§ **How to complete this task**
With the pictures excluded, repeat every entry exactly.

Stored records:

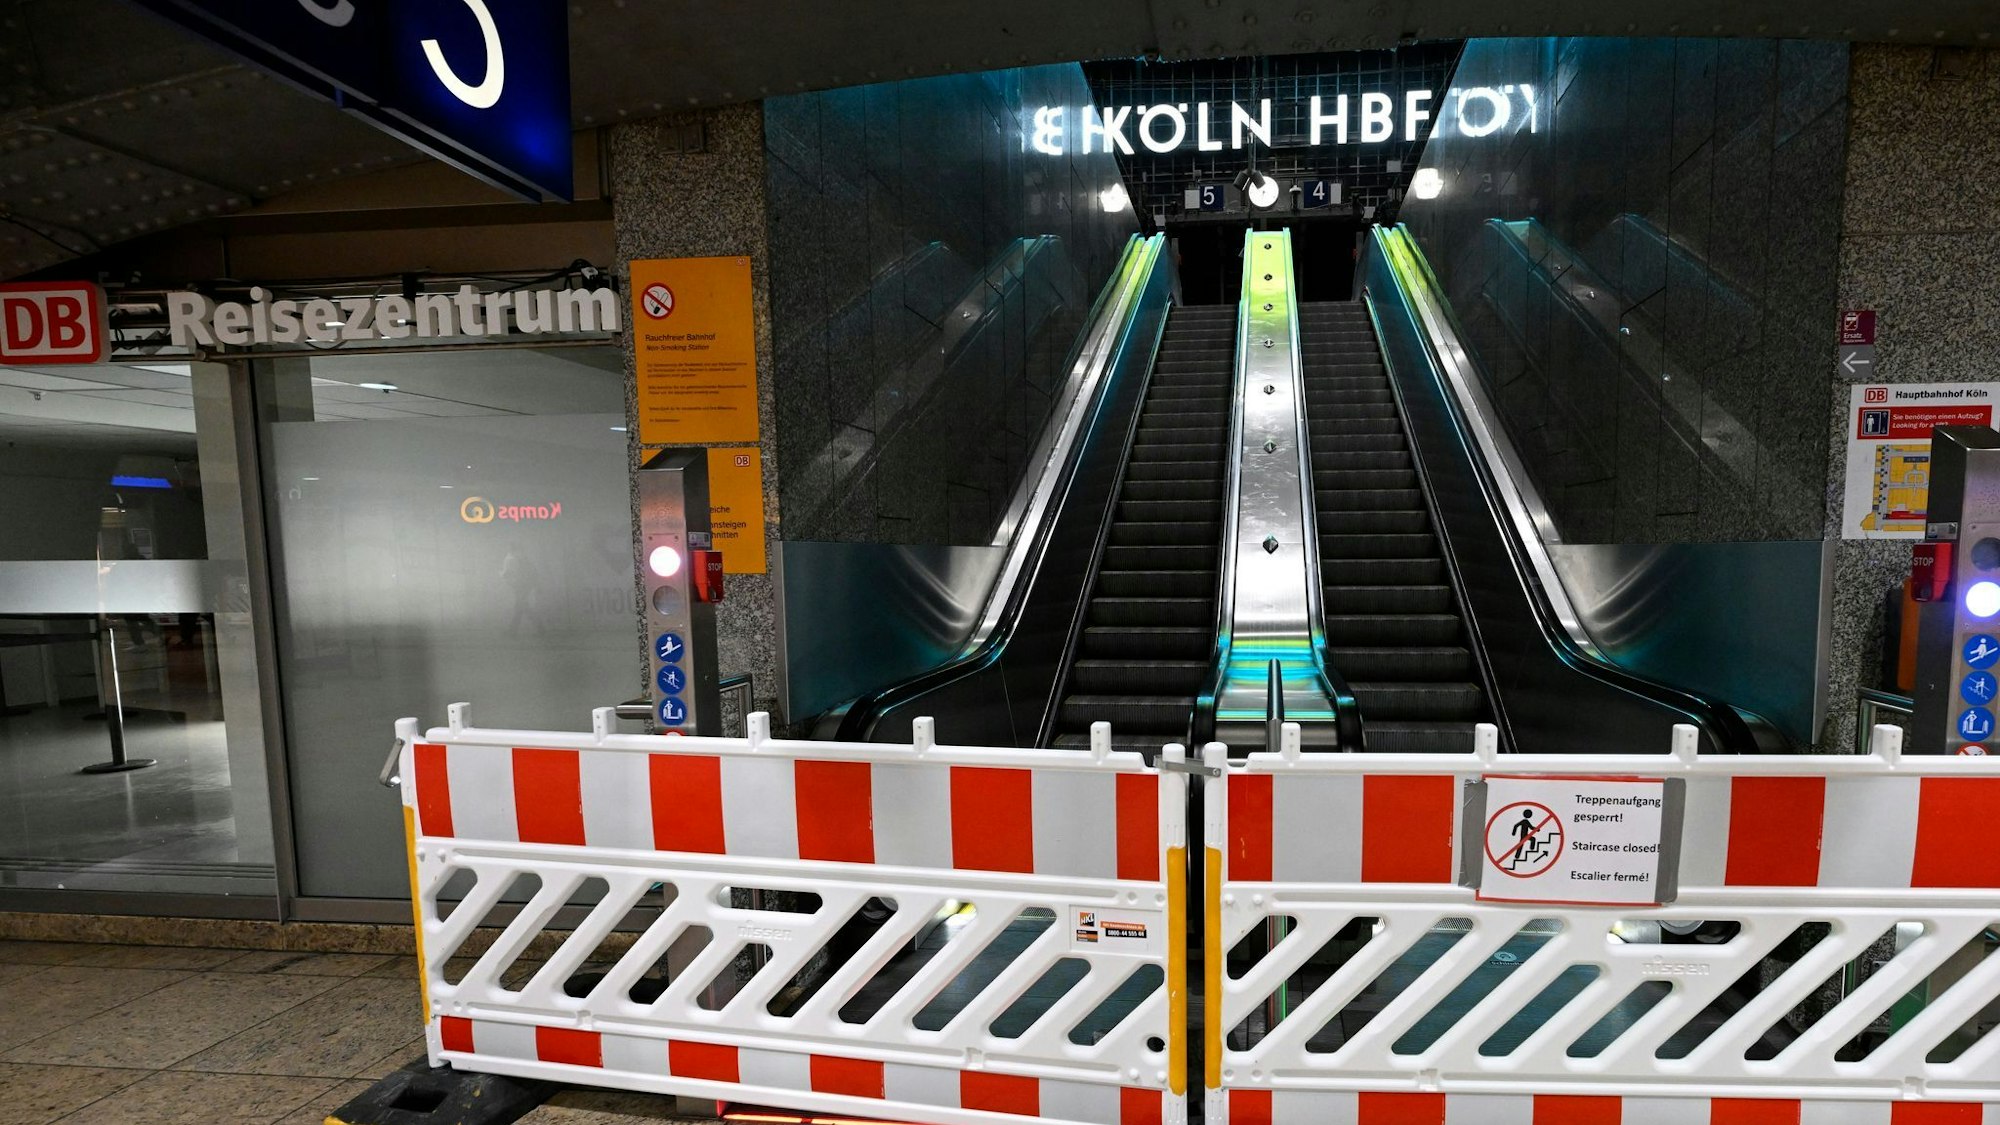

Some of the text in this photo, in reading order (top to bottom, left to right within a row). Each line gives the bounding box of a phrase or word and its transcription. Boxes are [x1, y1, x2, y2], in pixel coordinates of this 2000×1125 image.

[1103, 90, 1432, 155] KÖLN HBF
[1203, 186, 1215, 205] 5
[1312, 181, 1325, 200] 4
[166, 284, 620, 347] Reisezentrum
[4, 296, 86, 350] DB
[687, 333, 716, 341] Bahnhof
[1867, 390, 1885, 400] DB
[1895, 389, 1988, 400] Hauptbahnhof Köln
[1905, 413, 1936, 421] benötigen
[1957, 413, 1984, 421] Aufzug?
[1892, 422, 1918, 430] Looking
[1919, 422, 1929, 430] for
[736, 456, 749, 465] DB
[708, 562, 722, 572] STOP
[1913, 556, 1934, 567] STOP
[1575, 795, 1661, 808] Treppenaufgang
[1573, 812, 1623, 823] gesperrt!
[1571, 841, 1661, 853] Staircase closed!
[1570, 870, 1649, 882] Escalier fermé!
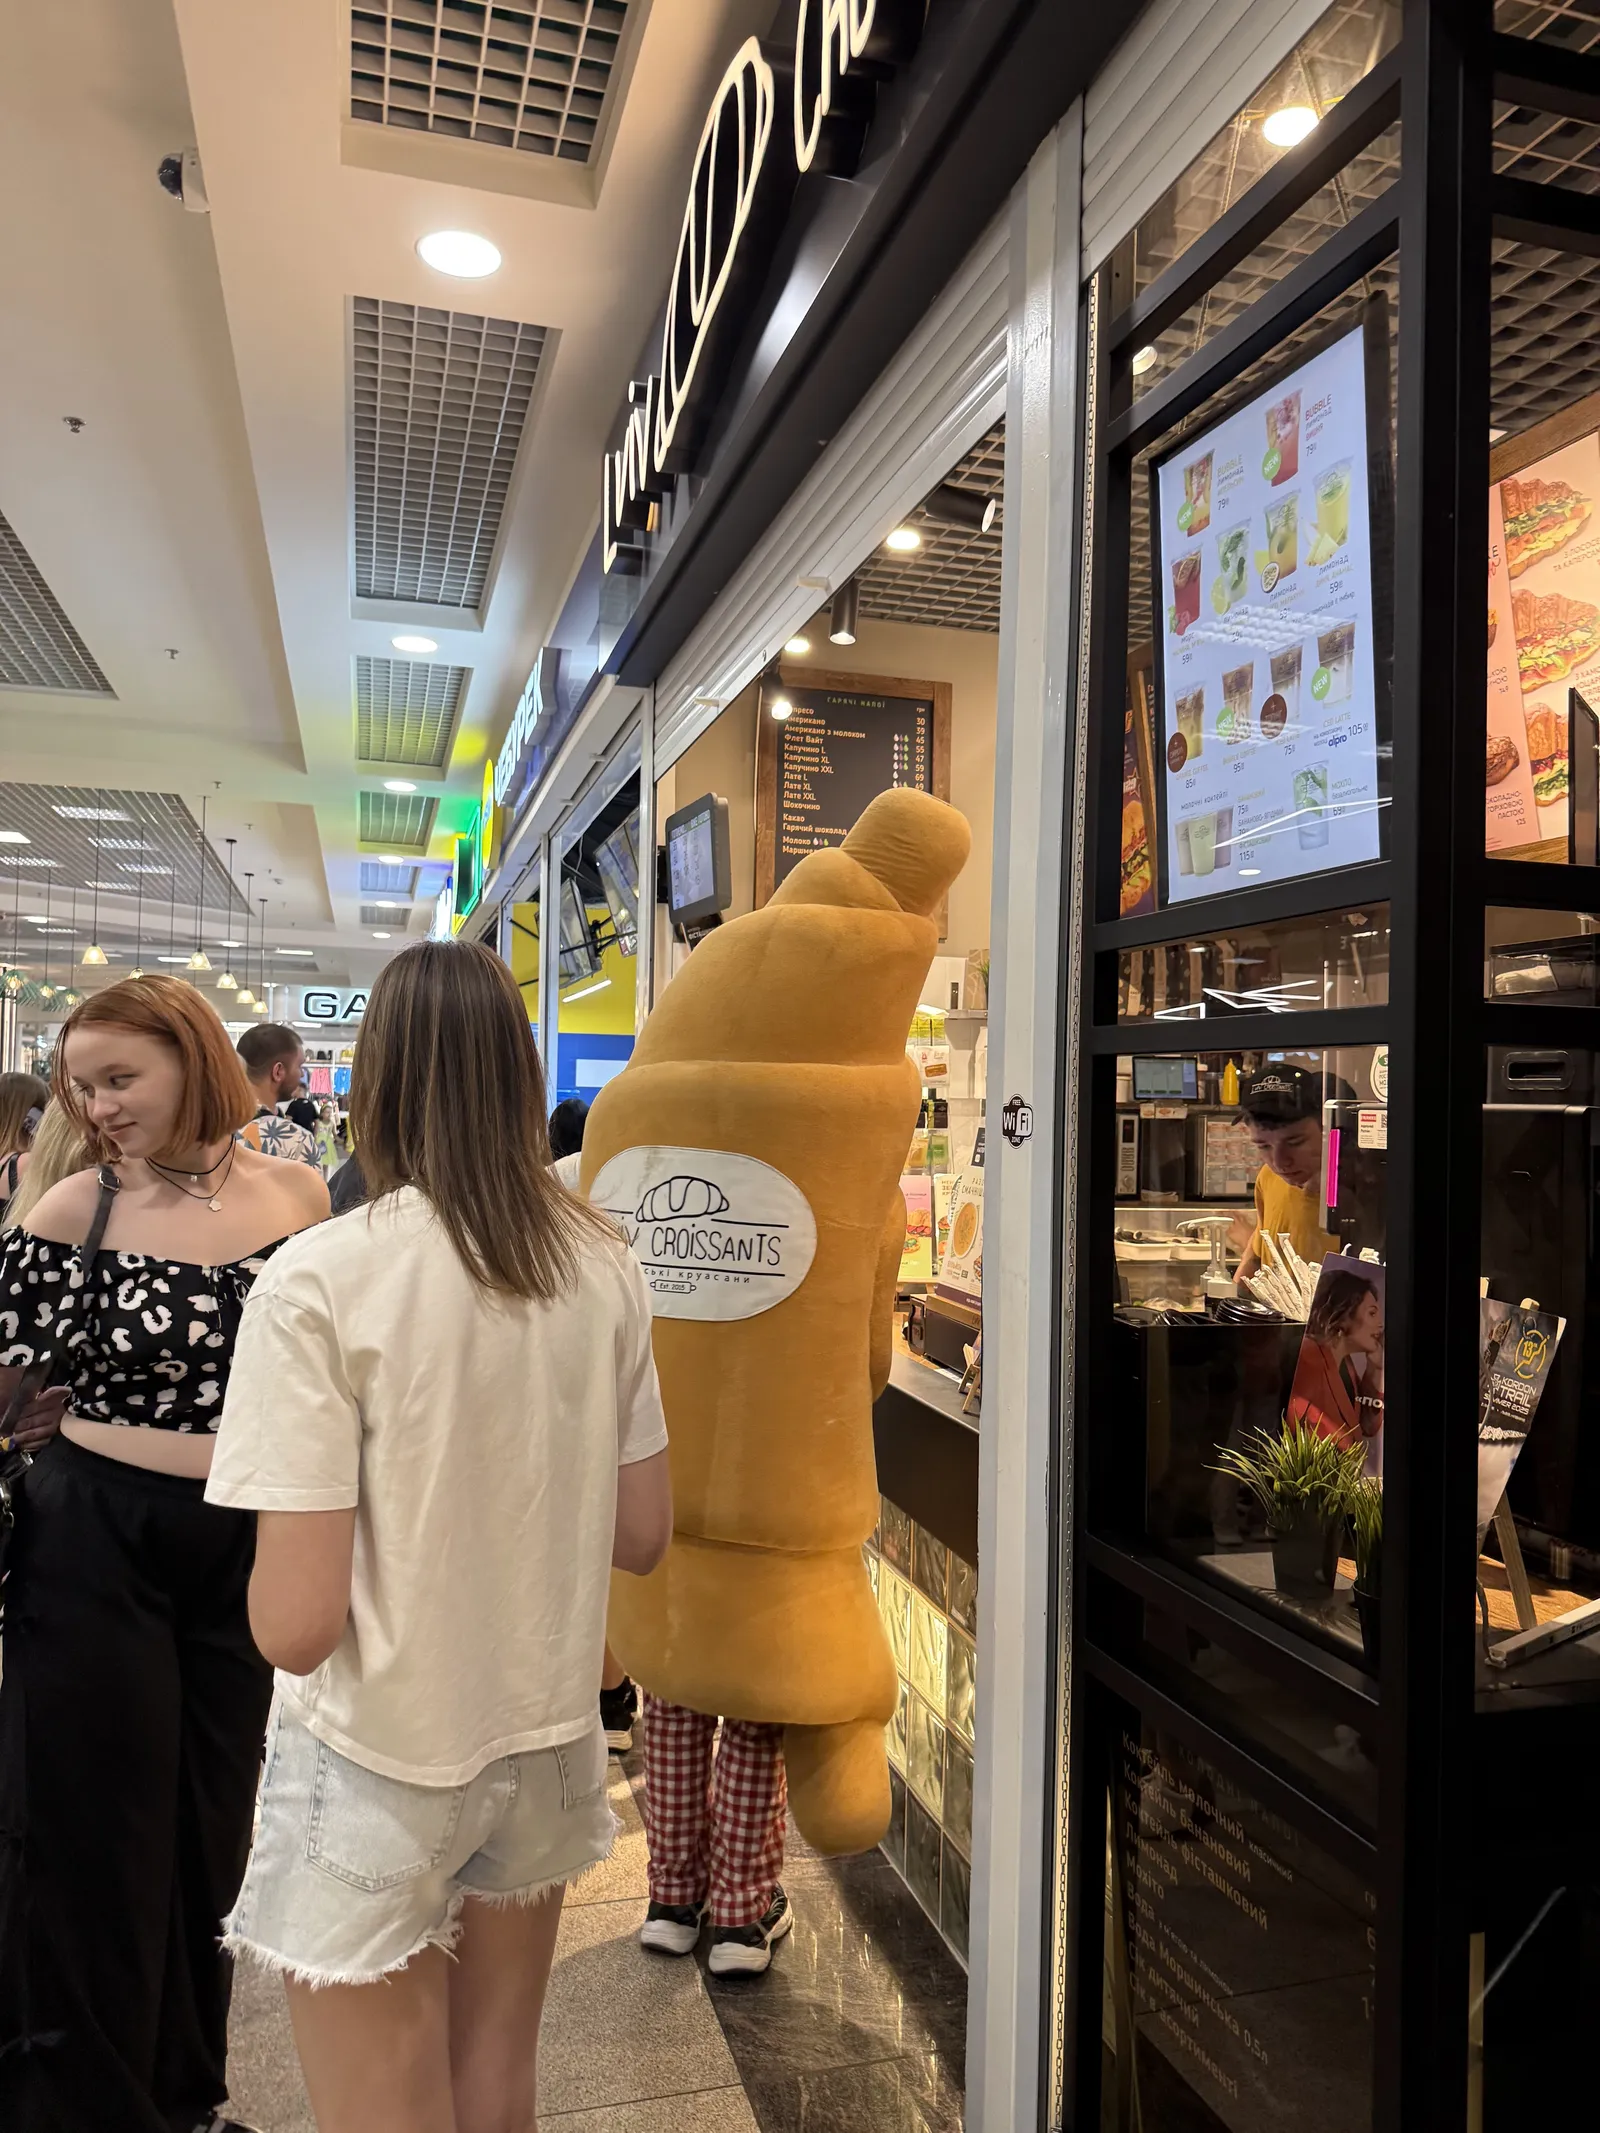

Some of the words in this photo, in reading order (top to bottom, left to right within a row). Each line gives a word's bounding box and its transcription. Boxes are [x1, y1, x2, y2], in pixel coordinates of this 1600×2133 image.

[1313, 673, 1329, 694] NEW
[784, 724, 826, 735] Американо
[784, 743, 820, 754] Капучино
[1328, 734, 1348, 748] alpro
[783, 762, 820, 772] Капучино
[784, 753, 820, 763] Капучино
[783, 801, 821, 811] Шокочино
[1502, 1376, 1537, 1396] KORDON
[1500, 1385, 1532, 1409] TRAIL
[1510, 1402, 1530, 1416] 2025
[1179, 1779, 1244, 1844] молочний
[1126, 1822, 1178, 1886] Лимонад
[1179, 1807, 1251, 1883] банановий
[1126, 1851, 1165, 1900] Мохіто
[1180, 1839, 1268, 1932] фісташковий
[1127, 1880, 1156, 1922] Вода
[1127, 1910, 1157, 1953] Вода
[1159, 1941, 1241, 2040] Моршинська

§ **Task response**
Some of the text in this photo, in reading order (top to bottom, left to right within a row). Each line gives the bounding box of a phrase or word and its transcription. Boxes are [x1, y1, x2, y2], in pixel coordinates of this 2000×1125 image.

[1103, 90, 1432, 155] KÖLN HBF
[1203, 186, 1215, 205] 5
[1312, 181, 1325, 200] 4
[166, 284, 620, 347] Reisezentrum
[4, 296, 86, 350] DB
[687, 333, 716, 341] Bahnhof
[1867, 390, 1885, 400] DB
[1895, 389, 1988, 400] Hauptbahnhof Köln
[1905, 413, 1936, 421] benötigen
[1957, 413, 1984, 421] Aufzug?
[1892, 422, 1918, 430] Looking
[1919, 422, 1929, 430] for
[736, 456, 749, 465] DB
[708, 562, 722, 572] STOP
[1913, 556, 1934, 567] STOP
[1575, 795, 1661, 808] Treppenaufgang
[1573, 812, 1623, 823] gesperrt!
[1571, 841, 1661, 853] Staircase closed!
[1570, 870, 1649, 882] Escalier fermé!

Some of the words in this photo, in reading order (top to bottom, left to right within a row). Each line gives a word's bounding box and its transcription. Boxes are [x1, y1, x2, y2], in pixel coordinates of this 1600×2133 image.

[1313, 673, 1329, 694] NEW
[784, 724, 826, 735] Американо
[784, 743, 820, 754] Капучино
[1328, 734, 1348, 748] alpro
[783, 762, 820, 772] Капучино
[784, 753, 820, 763] Капучино
[783, 801, 821, 811] Шокочино
[1502, 1376, 1537, 1396] KORDON
[1500, 1385, 1532, 1409] TRAIL
[1510, 1402, 1530, 1416] 2025
[1179, 1779, 1244, 1844] молочний
[1126, 1822, 1178, 1886] Лимонад
[1179, 1807, 1251, 1883] банановий
[1126, 1851, 1165, 1900] Мохіто
[1180, 1839, 1268, 1932] фісташковий
[1127, 1880, 1156, 1922] Вода
[1127, 1910, 1157, 1953] Вода
[1159, 1941, 1241, 2040] Моршинська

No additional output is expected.